バブル崩壊後の90年代からコロナ禍の現在まで、時代を彩るカルチャーとともに、一番好きだった人の記憶が胸によみがえる。
1995年、ボクは彼女と出会い、生まれて初めて頑張りたいと思った。“普通”が嫌いな彼女に認められたくて、映像業界の末端でがむしゃらに働いた日々。1999年、ノストラダムスの大予言に反して地球は滅亡せず、唯一の心の支えだった彼女はさよならも言わずに去っていった―。
そして2020年。社会と折り合いをつけながら生きてきた46歳のボクは、いくつかのほろ苦い再会をきっかけに、二度と戻らない“あの頃”を思い出す……。

さまざまな世代の心を掴み、絶賛された燃え殻のデビュー作品『ボクたちはみんな大人になれなかった』。

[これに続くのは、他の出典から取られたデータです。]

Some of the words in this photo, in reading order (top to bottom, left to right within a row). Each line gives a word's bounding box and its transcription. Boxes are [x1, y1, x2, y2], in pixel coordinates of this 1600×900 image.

ウェブ連載中からその「エモさ」が話題を呼び、2017年に書籍化されると瞬く間に大ベストセラーとなった半自伝的恋愛小説が、ついに映画化された。

インターネットや携帯電話が普及する以前、雑誌の文通募集欄を通じて知り合い、公衆電話で約束をとりつけた出会いの季節。時を経て、SNSで誰とでも瞬時につながれる現在。バブル崩壊後の1990年代半ばからコロナ禍で人との関わり方が一変した2020年までテレビの美術制作会社で働く「ボク」の恋愛と友情が、移り変わりゆく時代の空気とともにスクリーンに映し出される。
中でも小沢健二、ラフォーレ原宿、WAVE、タワーレコード、シネマライズ、仲屋むげん堂、世紀末へのカウントダウンなどの劇中にちりばめられた90年代カルチャーは、それらをリアルタイムで経験した観客に強烈な懐かしさとせつなさを呼び起こす。一方で、当時を知らない世代も、好きな音楽や映画、ファッションを分かち合う恋人たちの姿に深く共感する。

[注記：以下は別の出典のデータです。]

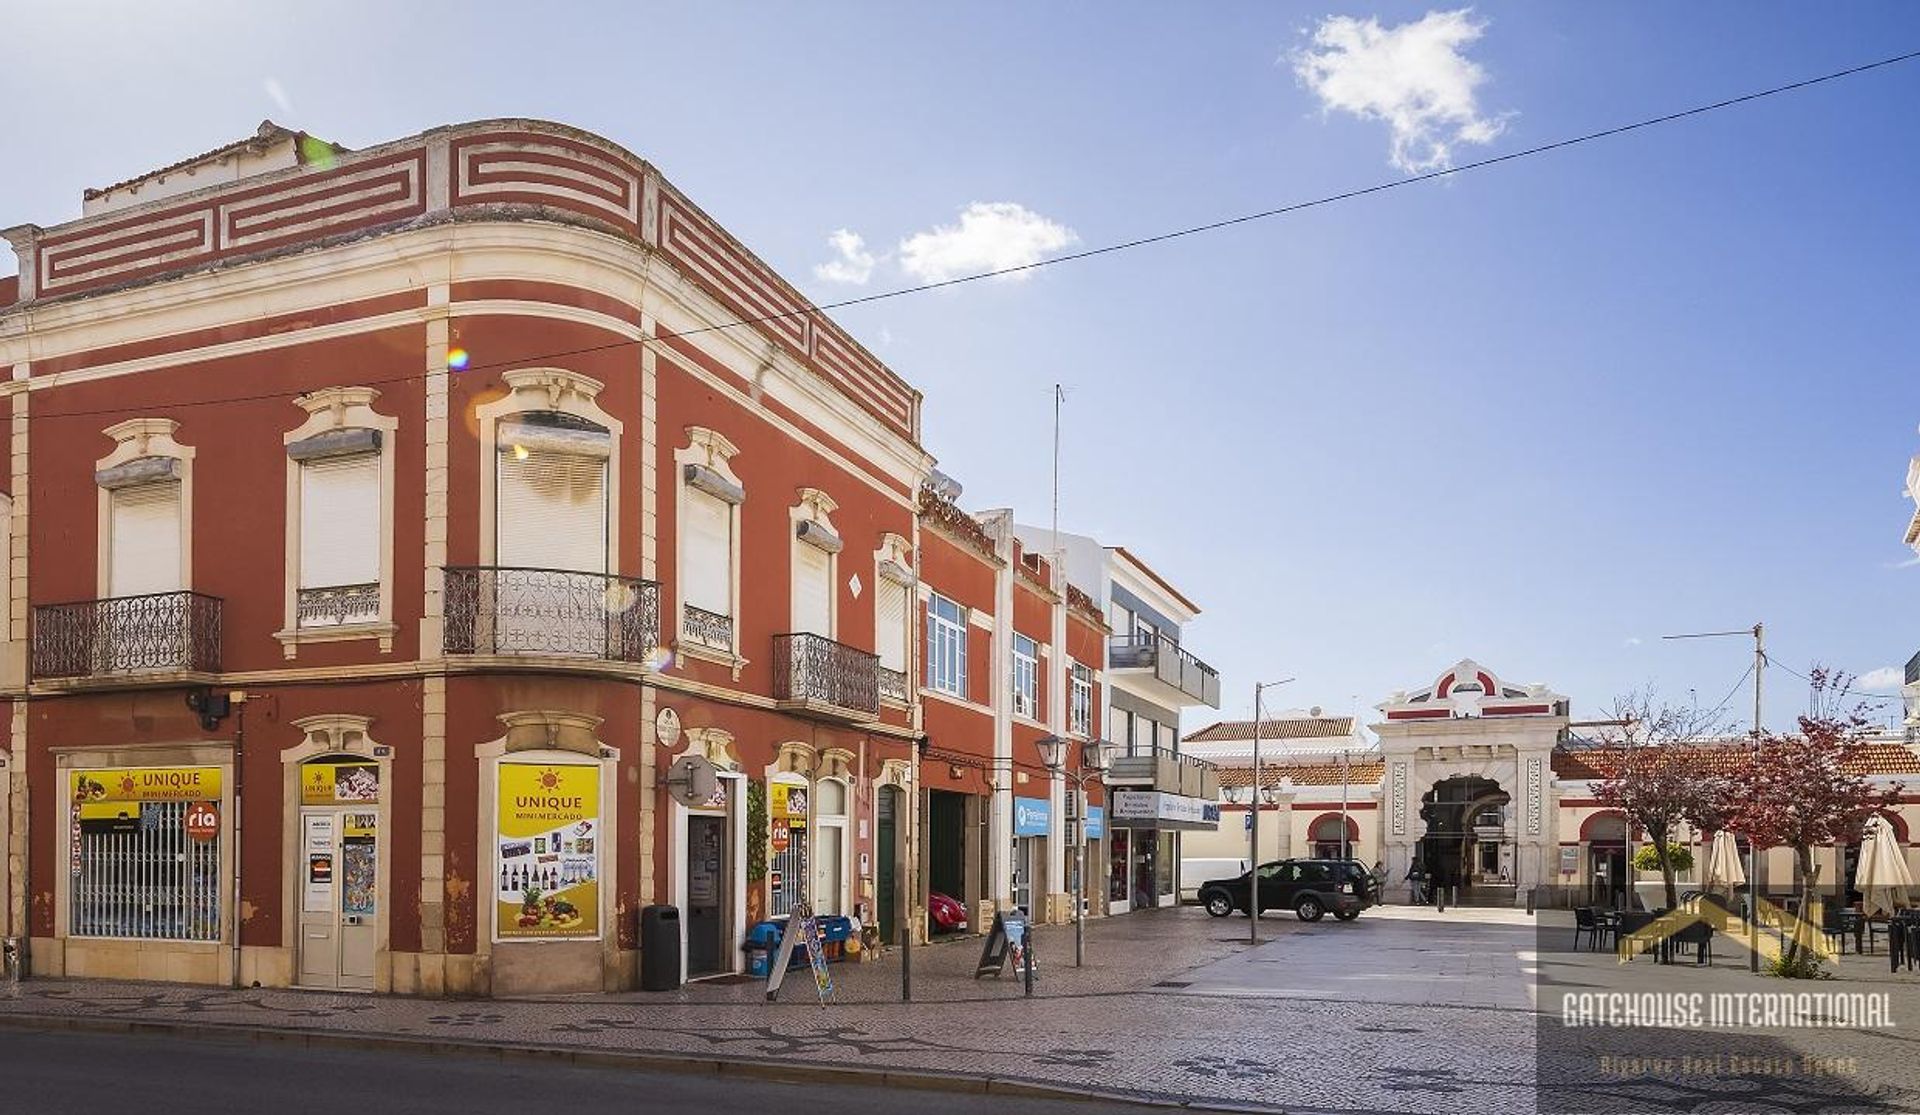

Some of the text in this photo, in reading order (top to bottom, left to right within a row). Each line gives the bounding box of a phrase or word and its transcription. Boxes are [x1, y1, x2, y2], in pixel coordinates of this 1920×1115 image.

[143, 773, 200, 789] UNIQUE
[516, 796, 582, 811] UNIQUE
[188, 807, 216, 827] ria
[515, 812, 583, 820] MINIMERCADO
[773, 822, 788, 839] ria
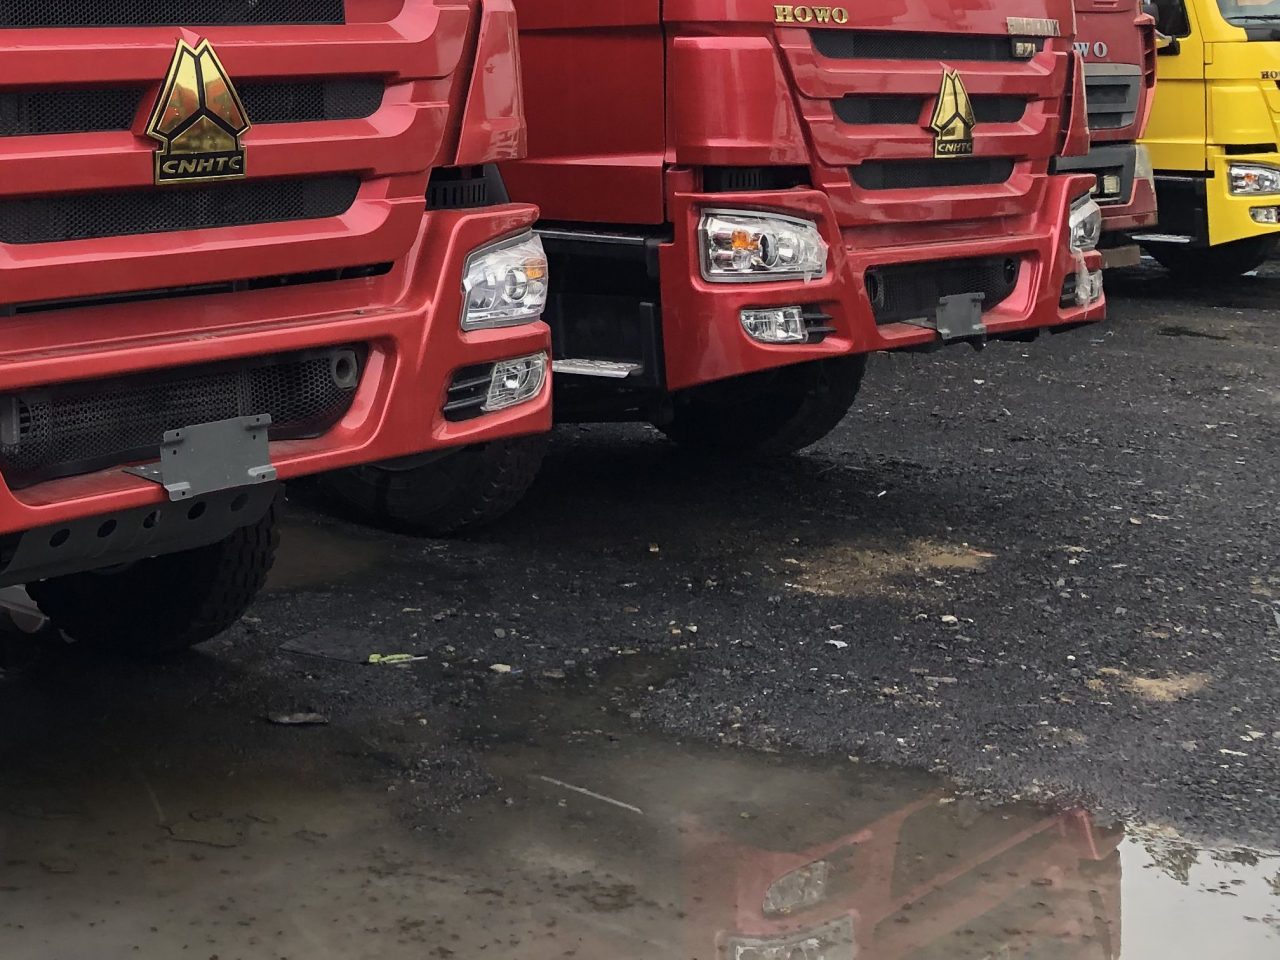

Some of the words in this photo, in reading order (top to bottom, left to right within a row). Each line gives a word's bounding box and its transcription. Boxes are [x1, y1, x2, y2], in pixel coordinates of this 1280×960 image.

[773, 5, 849, 24] HOWO
[1261, 70, 1280, 80] HO
[938, 142, 972, 152] CNHTC
[162, 155, 242, 174] CNHTC

もっとも、本作の根底に流れるのは、時代が変わっても永遠に変わらない普遍的な感情だ。自分よりも大切な誰かに出会い、世界が変わって見えた時の高揚感。好きな人に存在を承認してもらえた時の喜び。そして、いつまでも消えない喪失の痛み……。観る者誰しもが、自分にとっての「あの時、あの場所、あの人」を思い出し、涙せずにはいられないシーンの数々が抒情的な映像で描かれる。今を生きる人すべてに贈る、2020年代恋愛青春映画の金字塔が誕生した。
稀代の表現者・森山未來の主演最新作。
忘れられないヒロインを伊藤沙莉が演じる。
主人公のボク=佐藤を演じるのは、『モテキ』、『怒り』、『アンダードッグ』などの映画はもちろん、ダンスや演劇の世界でも唯一無二の存在感を放つ森山未來。佐藤の21歳から46歳までを持ち前の表現力で繊細に演じ分け、平凡なごく普通の男が生きた足跡を確実に魅せる。佐藤がずっと忘れられずにいる初めての恋人・かおり役には、映画・ドラマともに出演作が相次ぐ伊藤沙莉。独自の美学を持つ女性を瑞々しく演じ、観客の心にも鮮烈な印象を残す。さらに仕事や私生活で佐藤に影響を与える個性的な男女の役に、萩原聖人、大島優子、東出昌大、SUMIRE、篠原篤、ラサール石井、平岳大、片山萌美、高嶋政伸と多彩な才能が集まった。
メガホンを執ったのは、本作で監督デビューする森義仁。犬童一心監督、阪本順治監督らのもとで助監督として学んだ後、MVやCMで数々の賞を獲得し、「恋のツキ」でドラマ演出を手掛けた新鋭だ。脚本は『そこのみにて光輝く』、『セーラー服と機関銃 −卒業−』『まともじゃないのは君も一緒』などの高田亮が担当。幅広い層を魅了した原作小説のセンチメンタルな文体や構成を、映像ならではの方法で表現し、2時間4分の豊かな映画体験を作り上げた。
ストーリー
あの時も、あの場所も、あの人も、
すべてがいまの自分に繋がっている。
1995年、ボクは彼女と出会い、生まれて初めて頑張りたいと思った。「君は大丈夫だよ。おもしろいもん」。初めて出来た彼女の言葉に支えられがむしゃらに働いた日々。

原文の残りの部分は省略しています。